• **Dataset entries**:
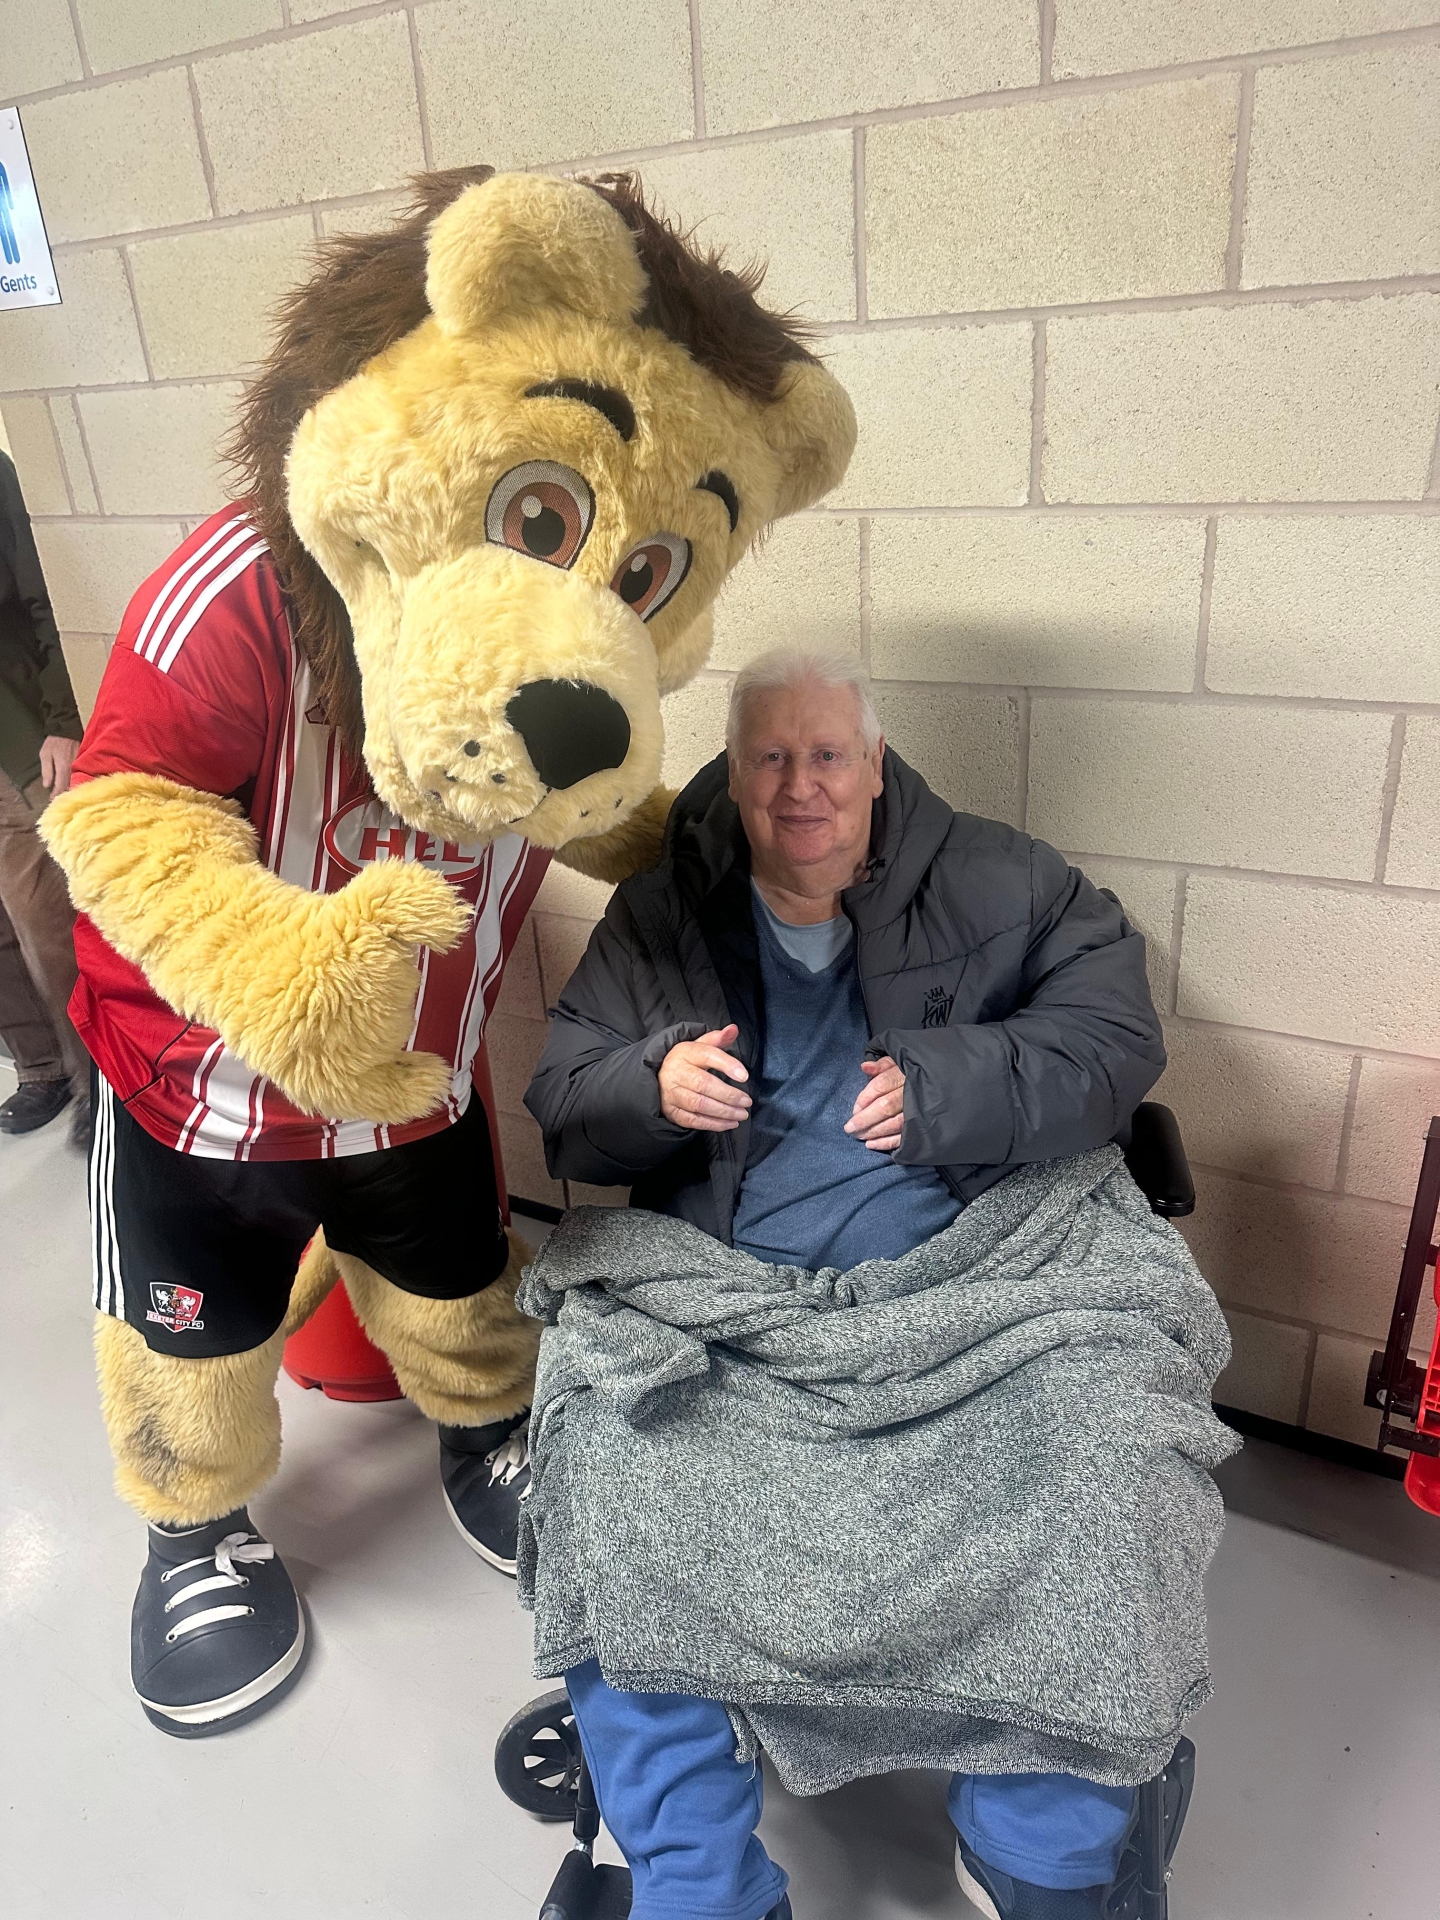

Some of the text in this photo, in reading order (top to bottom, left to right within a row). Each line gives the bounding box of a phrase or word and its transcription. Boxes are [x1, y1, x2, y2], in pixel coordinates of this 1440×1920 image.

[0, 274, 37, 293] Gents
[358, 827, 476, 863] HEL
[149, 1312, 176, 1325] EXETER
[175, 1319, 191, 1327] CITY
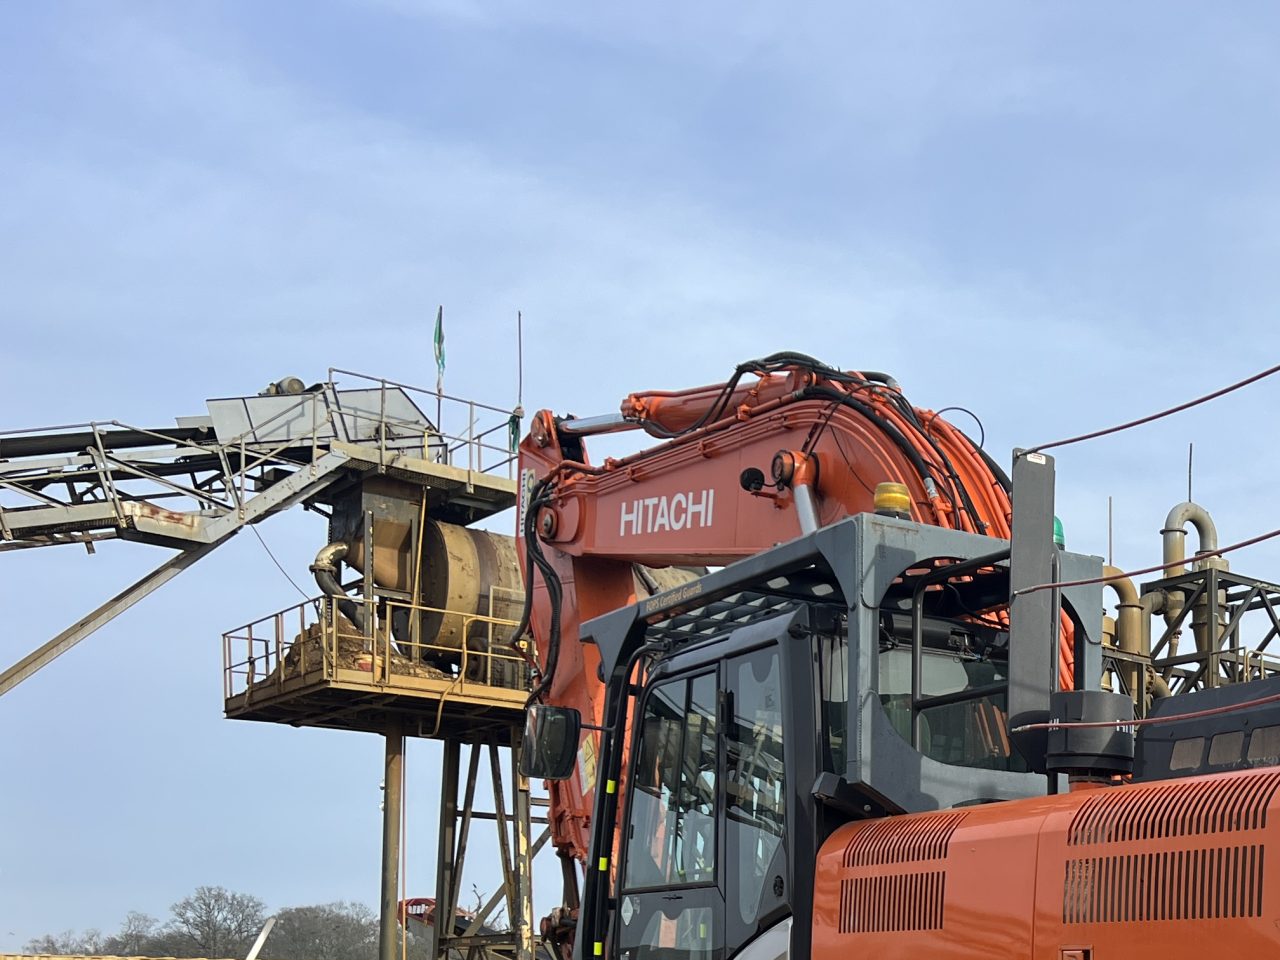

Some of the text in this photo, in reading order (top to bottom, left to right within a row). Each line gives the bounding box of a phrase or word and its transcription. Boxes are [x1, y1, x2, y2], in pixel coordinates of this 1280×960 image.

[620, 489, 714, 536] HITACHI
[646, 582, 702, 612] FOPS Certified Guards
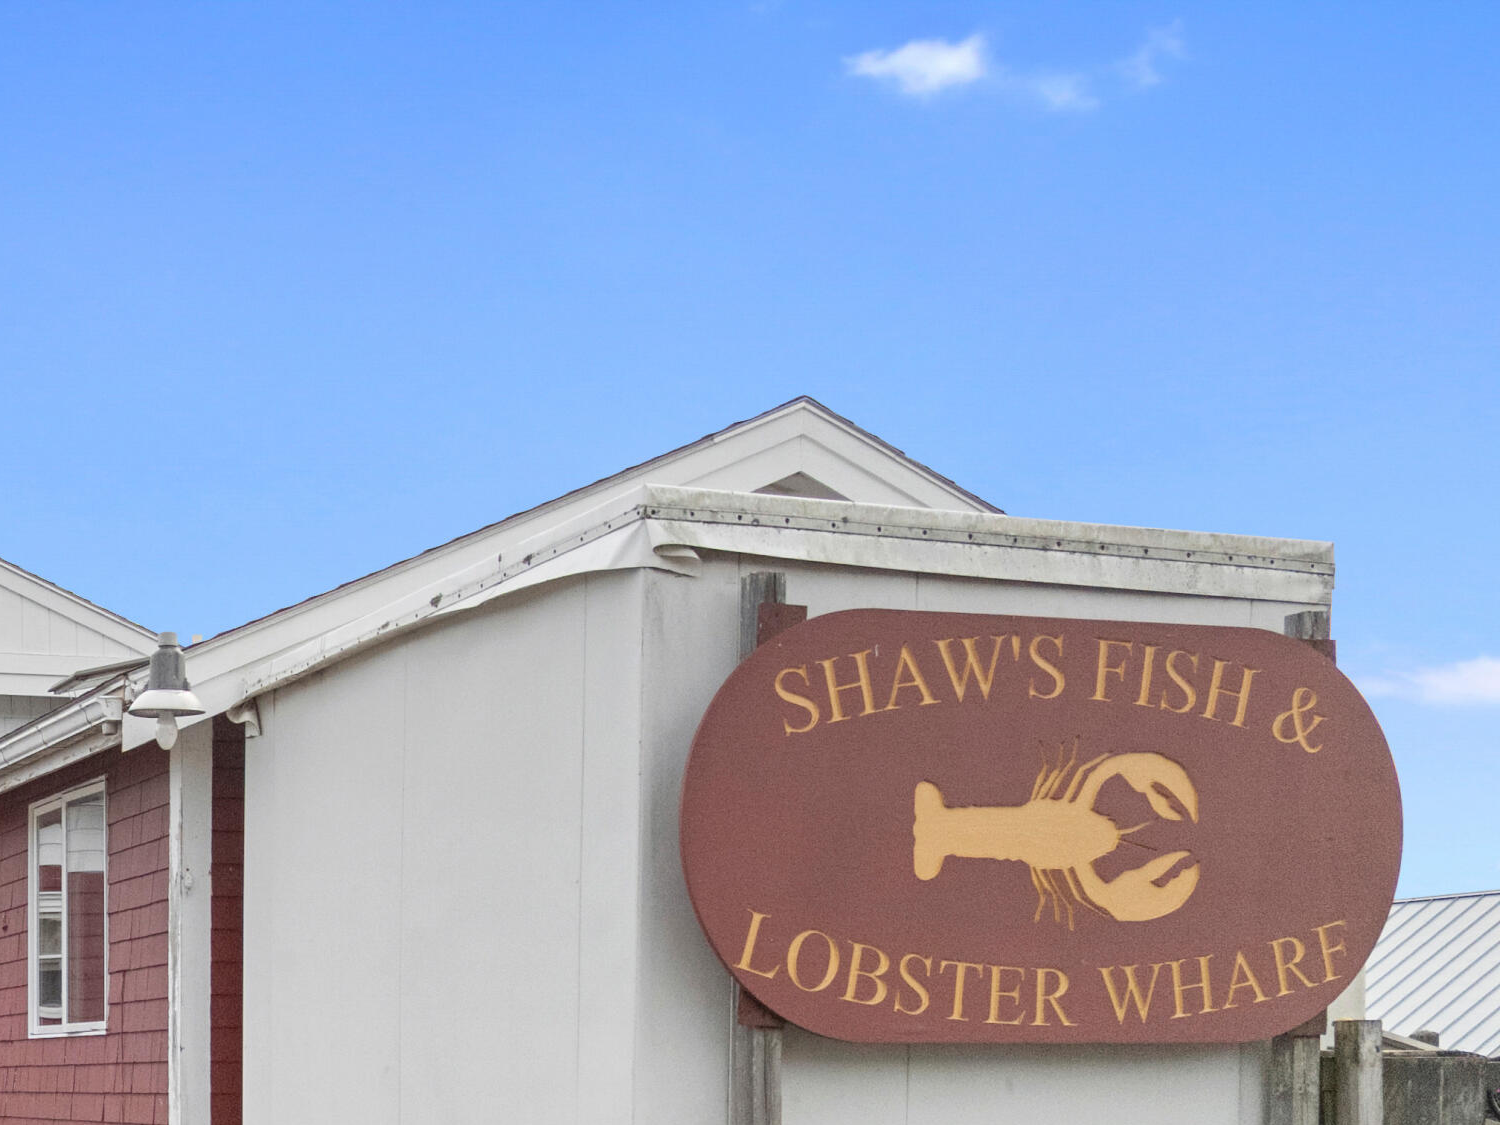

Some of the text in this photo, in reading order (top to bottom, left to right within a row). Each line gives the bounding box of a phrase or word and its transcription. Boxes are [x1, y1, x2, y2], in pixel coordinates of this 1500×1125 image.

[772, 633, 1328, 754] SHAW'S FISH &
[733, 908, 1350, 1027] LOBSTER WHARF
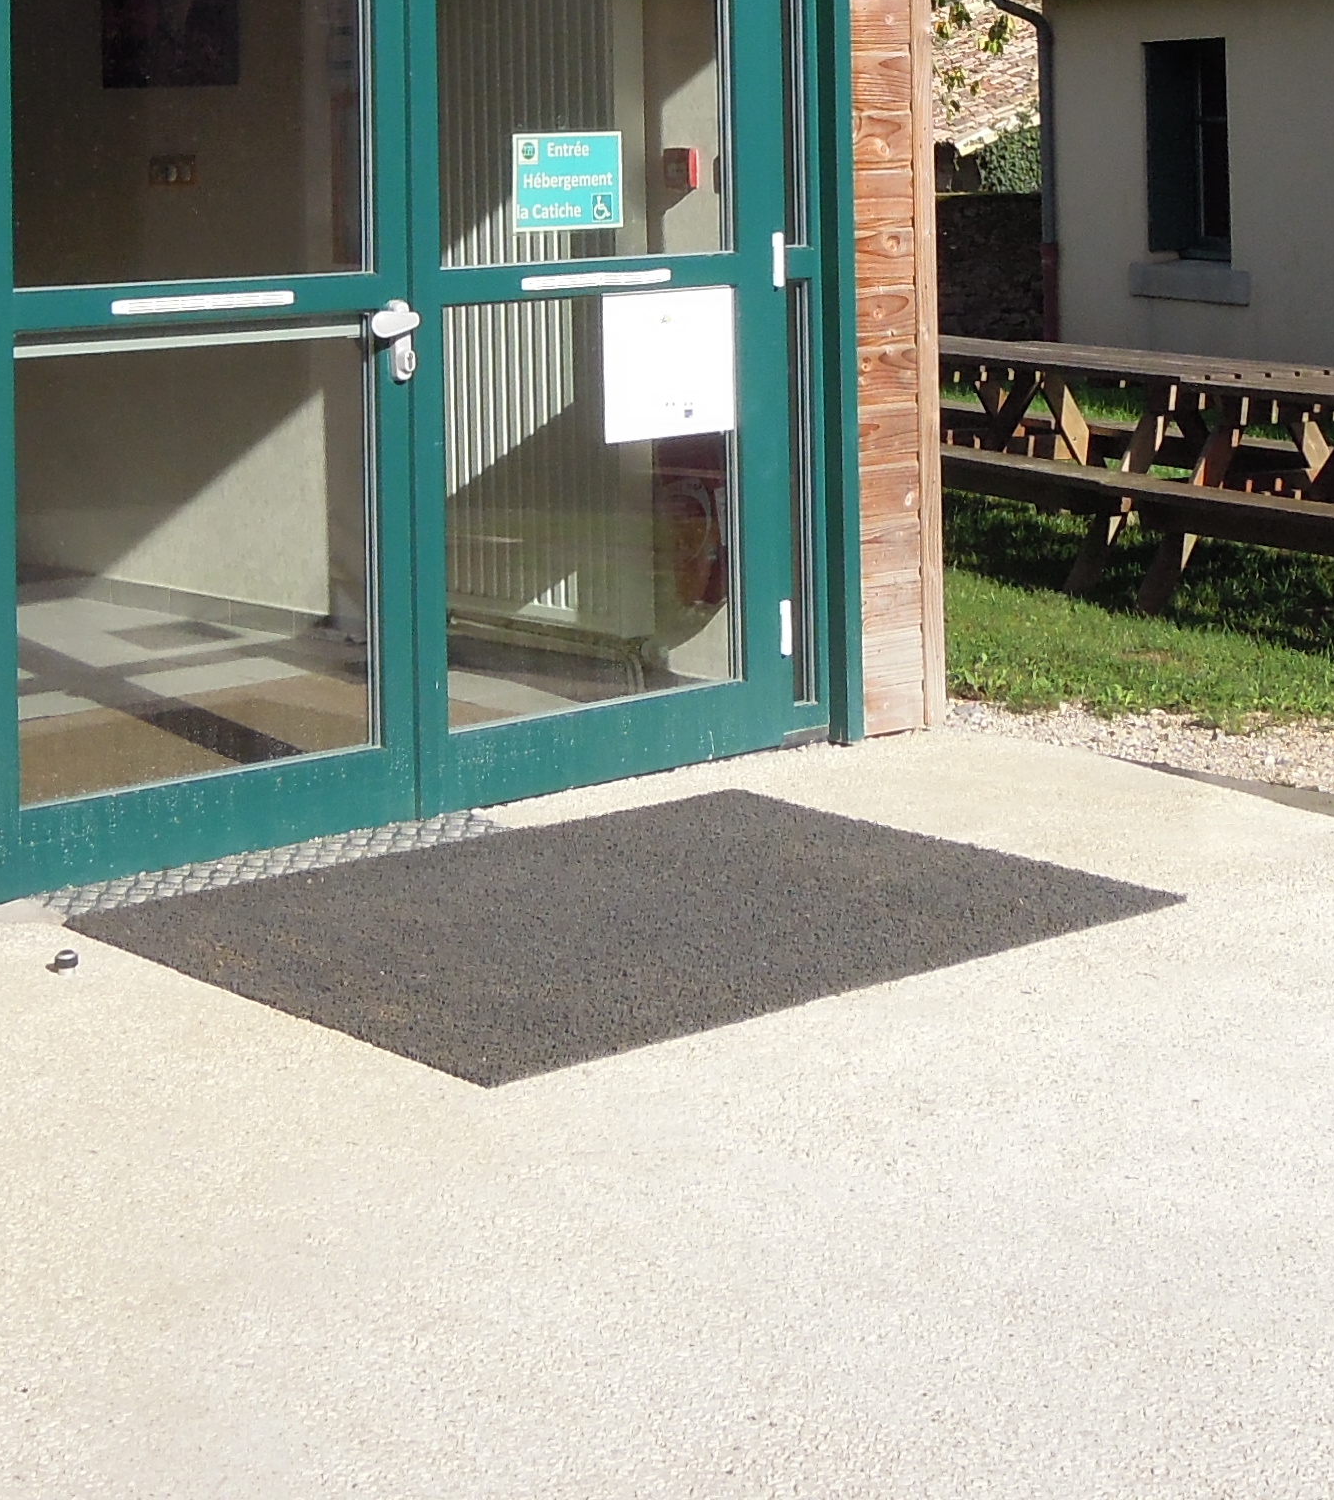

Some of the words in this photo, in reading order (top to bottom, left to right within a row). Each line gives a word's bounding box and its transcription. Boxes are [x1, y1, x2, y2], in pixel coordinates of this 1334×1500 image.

• **Directions**: From the first line to the last, restate the entries exactly, without pictures.

• **Reply to the exercise**:
Some of the text in this photo, in reading order (top to bottom, left to right within a row). Each line gives the bounding box of a phrase or word and its transcription. Boxes are [x1, y1, x2, y2], in pixel coordinates of this 1440×1920 image.

[0, 274, 37, 293] Gents
[358, 827, 476, 863] HEL
[149, 1312, 176, 1325] EXETER
[175, 1319, 191, 1327] CITY

Some of the text in this photo, in reading order (top to bottom, left to right within a row). Each line gives the bounding box of a phrase or word and its transcription. Boxes are [x1, y1, x2, y2], in pixel coordinates of this 1280×960 image.

[620, 489, 714, 536] HITACHI
[646, 582, 702, 612] FOPS Certified Guards

Some of the text in this photo, in reading order (top to bottom, left to right within a row). Each line gives the bounding box of a phrase or word and its transcription. Boxes are [x1, y1, x2, y2], in pixel coordinates of this 1500×1125 image.

[772, 633, 1328, 754] SHAW'S FISH &
[733, 908, 1350, 1027] LOBSTER WHARF

Some of the words in this photo, in reading order (top to bottom, left to right within a row). Each line gives a word's bounding box and its transcription. Boxes are [x1, y1, x2, y2], in pixel coordinates of this 1334×1500 image.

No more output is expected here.